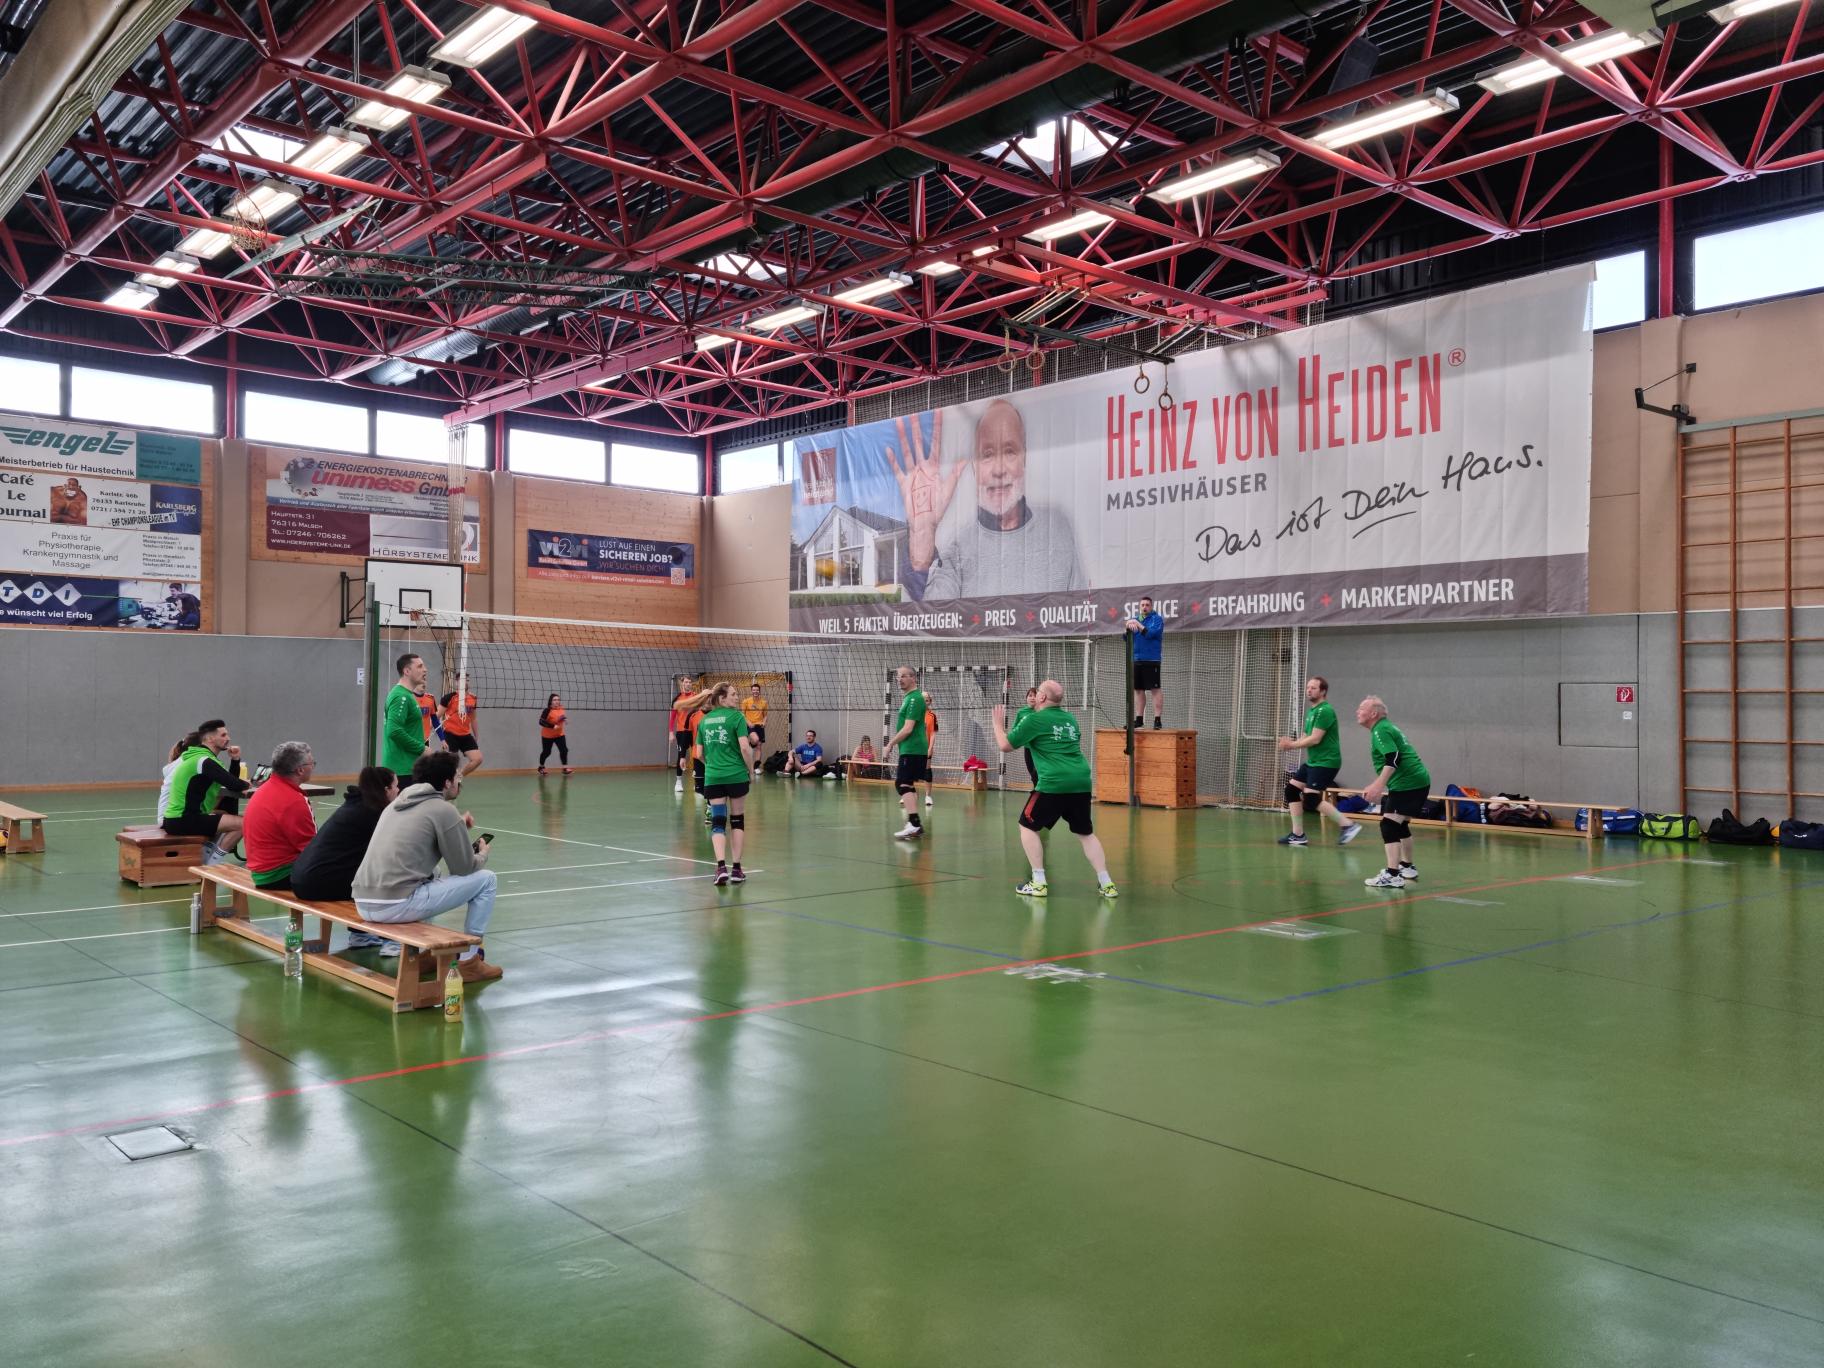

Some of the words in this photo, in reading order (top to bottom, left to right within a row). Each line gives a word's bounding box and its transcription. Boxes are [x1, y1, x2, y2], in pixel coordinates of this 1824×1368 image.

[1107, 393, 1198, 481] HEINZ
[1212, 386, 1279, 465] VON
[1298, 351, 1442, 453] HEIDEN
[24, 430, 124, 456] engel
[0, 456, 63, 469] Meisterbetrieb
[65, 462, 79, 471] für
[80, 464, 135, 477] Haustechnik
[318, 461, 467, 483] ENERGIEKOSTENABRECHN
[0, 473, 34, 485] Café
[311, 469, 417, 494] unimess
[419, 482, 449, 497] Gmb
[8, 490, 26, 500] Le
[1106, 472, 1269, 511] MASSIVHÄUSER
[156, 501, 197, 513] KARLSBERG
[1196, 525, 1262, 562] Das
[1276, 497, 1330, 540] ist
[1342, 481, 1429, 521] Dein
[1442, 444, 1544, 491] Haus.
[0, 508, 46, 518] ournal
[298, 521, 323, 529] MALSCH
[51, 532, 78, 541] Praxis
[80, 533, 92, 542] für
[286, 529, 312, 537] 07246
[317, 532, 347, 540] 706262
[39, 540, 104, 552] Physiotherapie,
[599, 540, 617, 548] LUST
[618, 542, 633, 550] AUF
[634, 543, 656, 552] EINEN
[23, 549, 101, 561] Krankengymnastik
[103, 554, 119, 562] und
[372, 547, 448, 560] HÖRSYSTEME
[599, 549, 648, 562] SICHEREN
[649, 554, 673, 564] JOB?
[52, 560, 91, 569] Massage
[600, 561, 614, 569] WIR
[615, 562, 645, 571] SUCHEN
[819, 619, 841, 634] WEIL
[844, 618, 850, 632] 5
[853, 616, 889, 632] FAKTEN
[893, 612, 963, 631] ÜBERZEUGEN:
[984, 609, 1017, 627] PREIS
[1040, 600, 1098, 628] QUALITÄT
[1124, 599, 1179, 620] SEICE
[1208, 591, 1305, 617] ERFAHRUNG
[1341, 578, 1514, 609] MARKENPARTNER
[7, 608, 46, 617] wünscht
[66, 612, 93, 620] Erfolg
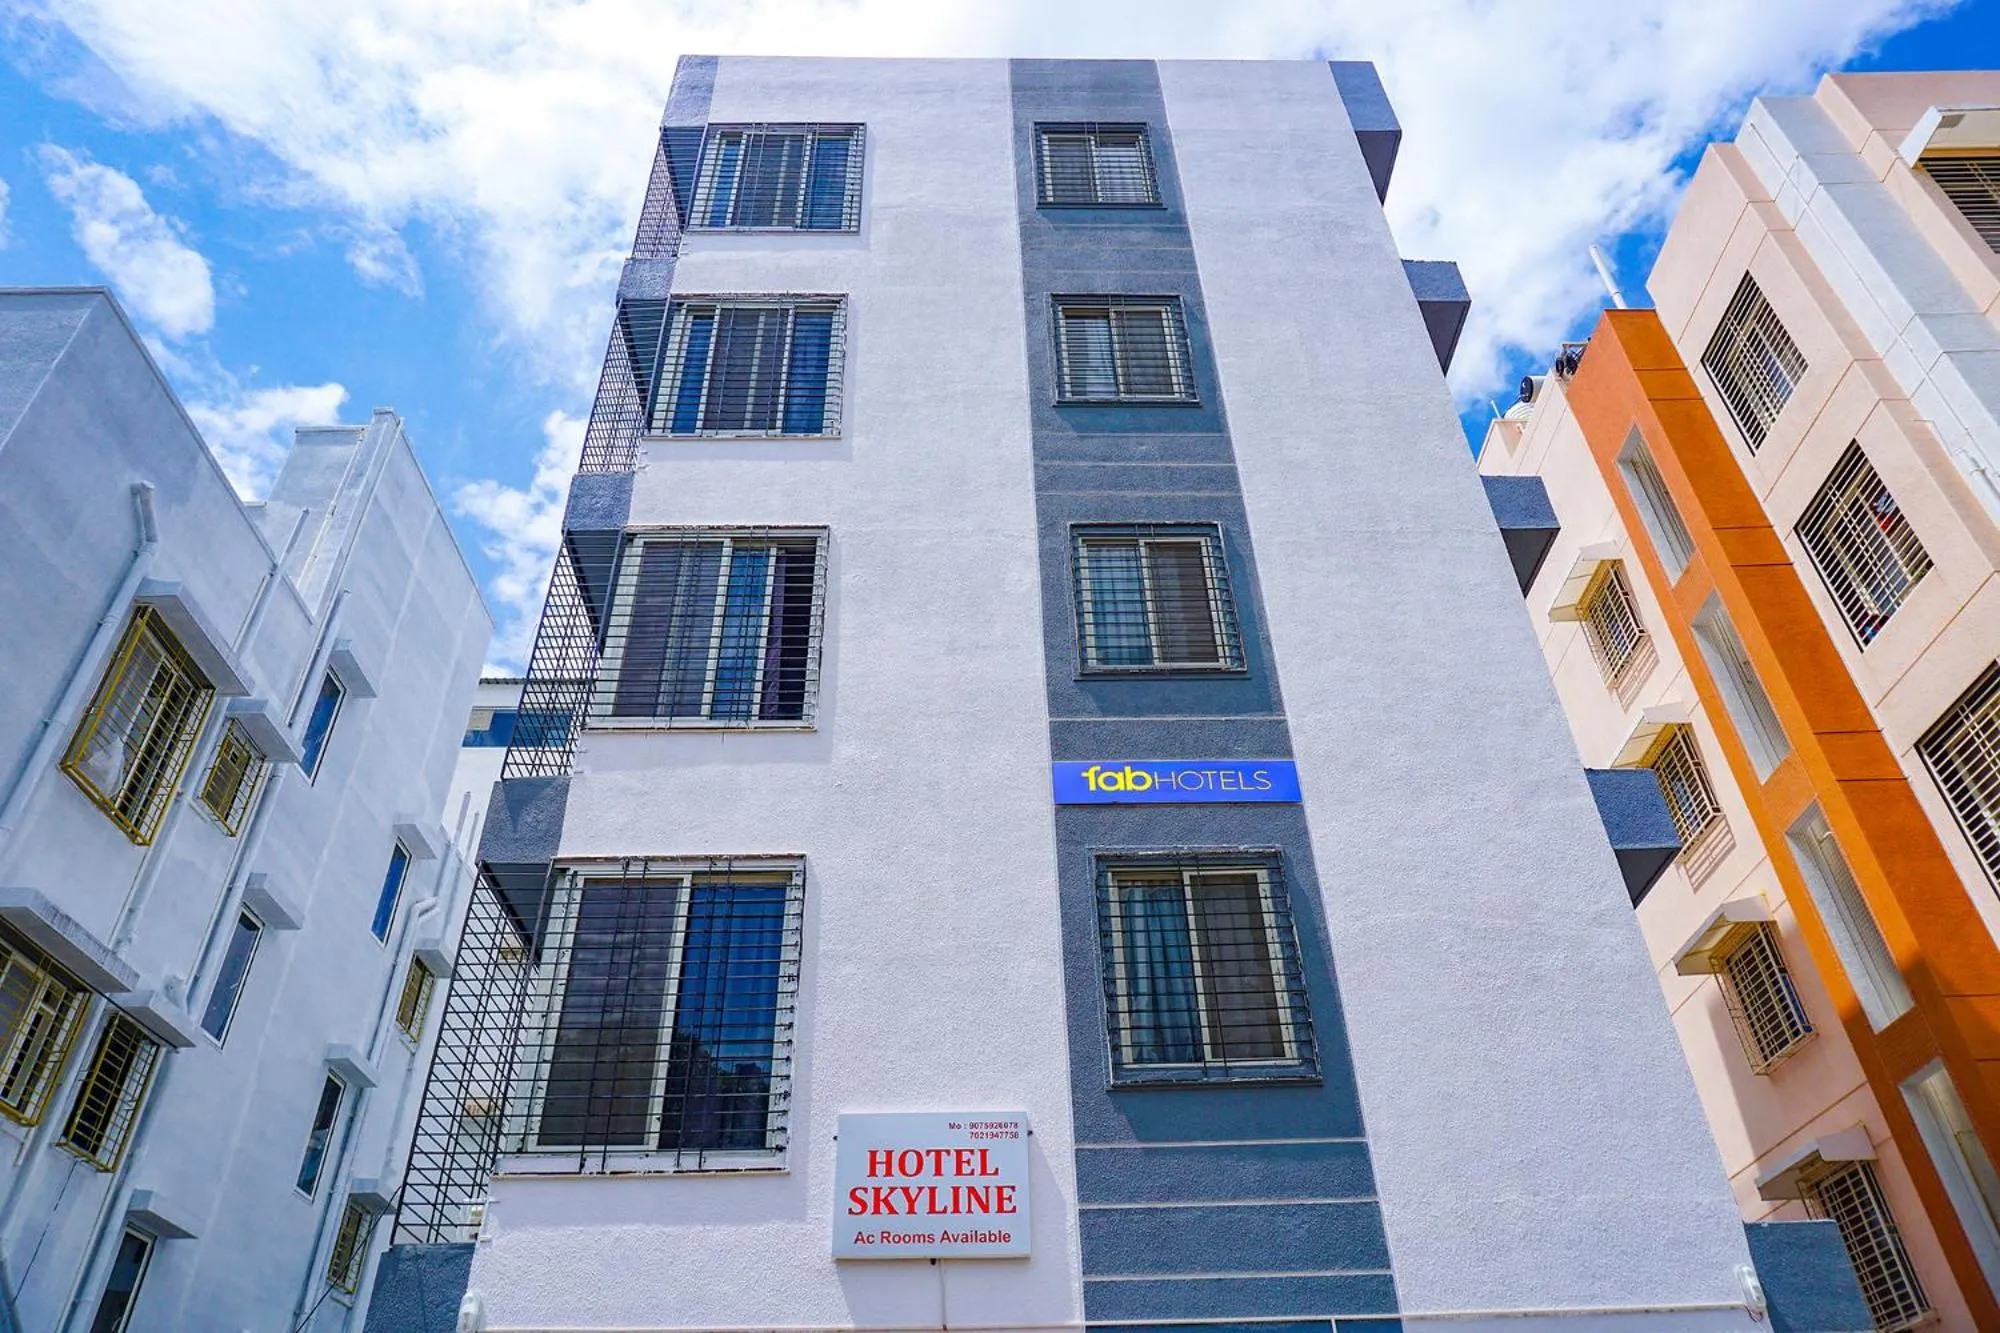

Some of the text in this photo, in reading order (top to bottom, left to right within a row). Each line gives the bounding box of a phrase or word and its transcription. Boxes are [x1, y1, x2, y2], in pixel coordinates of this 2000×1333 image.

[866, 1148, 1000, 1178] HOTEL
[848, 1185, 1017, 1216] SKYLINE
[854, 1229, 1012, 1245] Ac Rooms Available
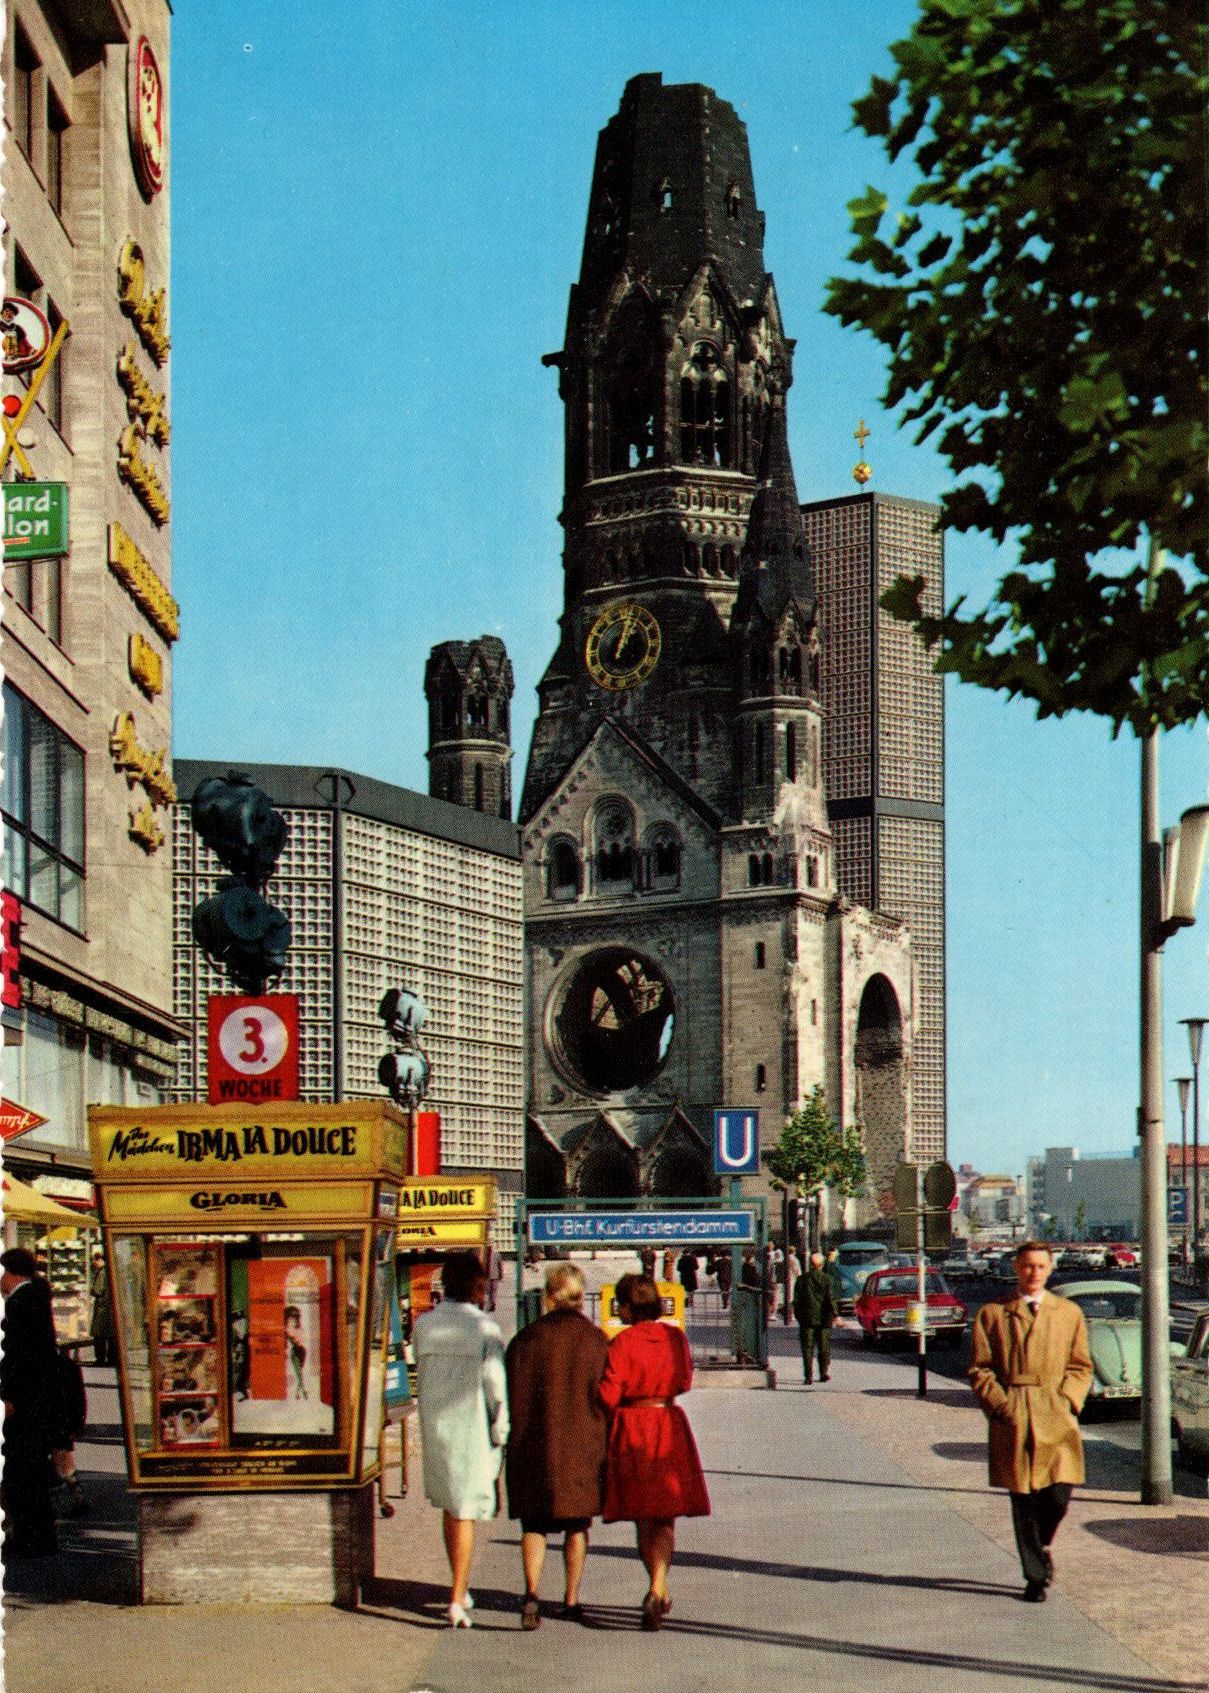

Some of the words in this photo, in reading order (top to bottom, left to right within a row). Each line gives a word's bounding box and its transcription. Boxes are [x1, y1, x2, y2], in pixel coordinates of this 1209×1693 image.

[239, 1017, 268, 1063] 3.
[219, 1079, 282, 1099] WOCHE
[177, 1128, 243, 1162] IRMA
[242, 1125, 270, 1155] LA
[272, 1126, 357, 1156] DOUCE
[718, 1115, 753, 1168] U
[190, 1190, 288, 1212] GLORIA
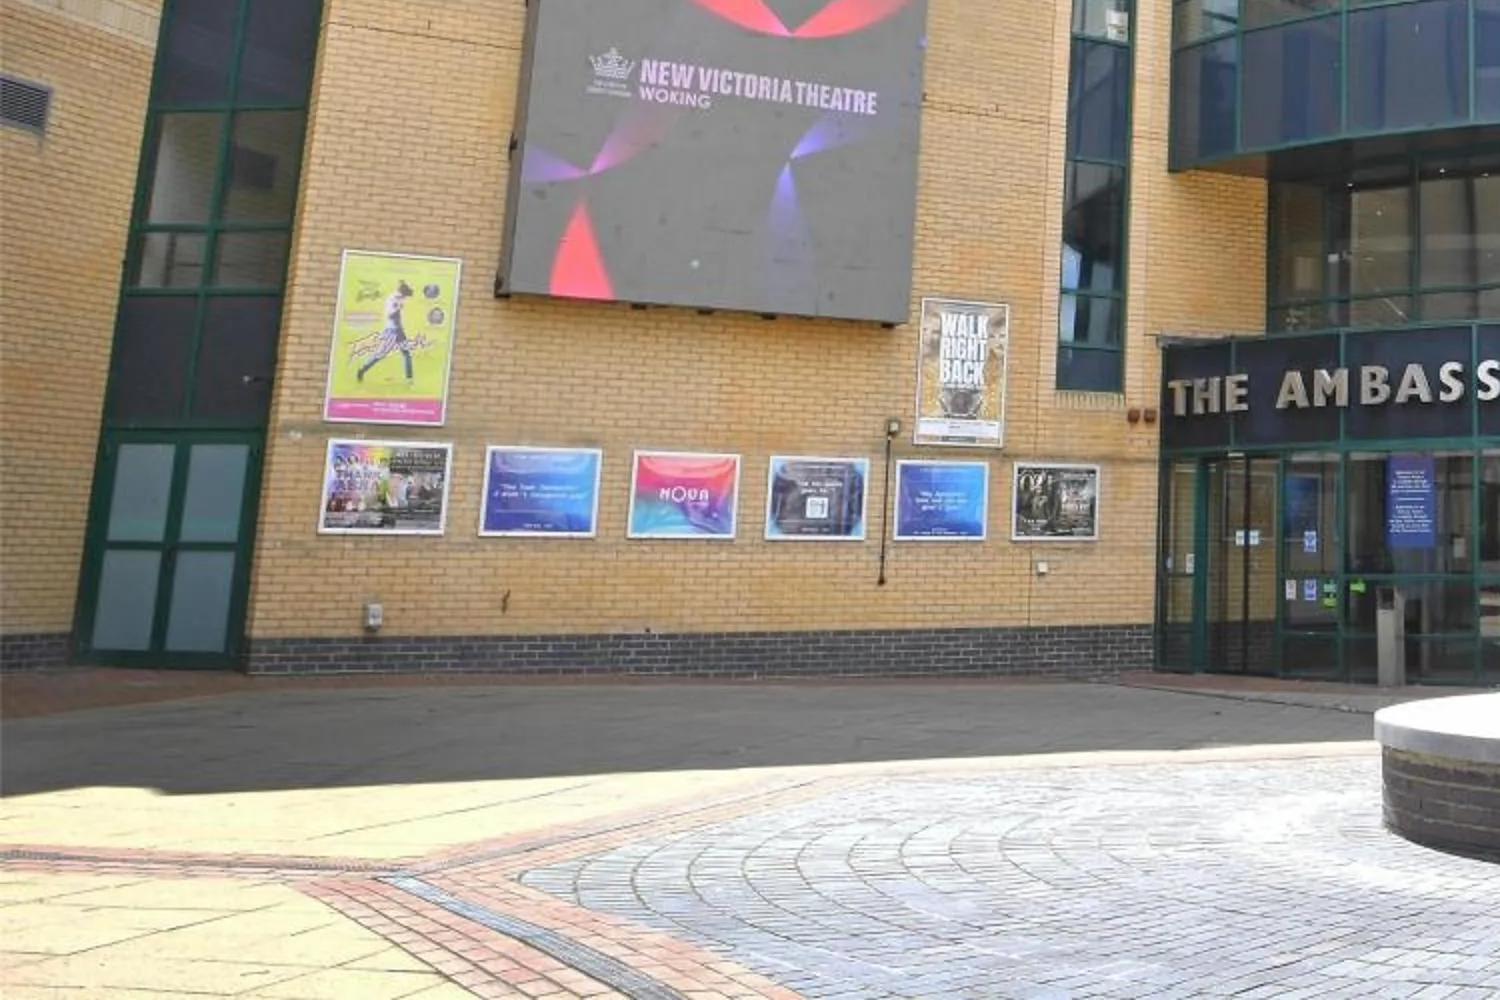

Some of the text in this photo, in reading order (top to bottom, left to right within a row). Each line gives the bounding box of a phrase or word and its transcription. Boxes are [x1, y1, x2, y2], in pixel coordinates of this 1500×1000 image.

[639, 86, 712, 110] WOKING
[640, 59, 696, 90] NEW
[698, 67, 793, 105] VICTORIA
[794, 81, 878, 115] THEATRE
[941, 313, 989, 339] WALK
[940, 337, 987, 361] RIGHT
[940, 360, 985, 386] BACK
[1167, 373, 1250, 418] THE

**Exercise details**.
Give back exactly the lines running from the one that contains "this 2000×1333 image." to the end of the records, including both of those lines and excluding every picture.

**Answer to this task**.
Some of the text in this photo, in reading order (top to bottom, left to right within a row). Each line gives the bounding box of a phrase or word and its transcription. Boxes are [x1, y1, x2, y2], in pixel coordinates of this 2000×1333 image.

[866, 1148, 1000, 1178] HOTEL
[848, 1185, 1017, 1216] SKYLINE
[854, 1229, 1012, 1245] Ac Rooms Available

Some of the words in this photo, in reading order (top to bottom, left to right within a row). Each line gives a word's bounding box and its transcription. Boxes are [x1, y1, x2, y2], in pixel coordinates of this 1209×1693 image.

[239, 1017, 268, 1063] 3.
[219, 1079, 282, 1099] WOCHE
[177, 1128, 243, 1162] IRMA
[242, 1125, 270, 1155] LA
[272, 1126, 357, 1156] DOUCE
[718, 1115, 753, 1168] U
[190, 1190, 288, 1212] GLORIA

Some of the text in this photo, in reading order (top to bottom, left to right within a row). Each line gives the bounding box of a phrase or word and its transcription. Boxes are [x1, y1, x2, y2], in pixel coordinates of this 1500×1000 image.

[639, 86, 712, 110] WOKING
[640, 59, 696, 90] NEW
[698, 67, 793, 105] VICTORIA
[794, 81, 878, 115] THEATRE
[941, 313, 989, 339] WALK
[940, 337, 987, 361] RIGHT
[940, 360, 985, 386] BACK
[1167, 373, 1250, 418] THE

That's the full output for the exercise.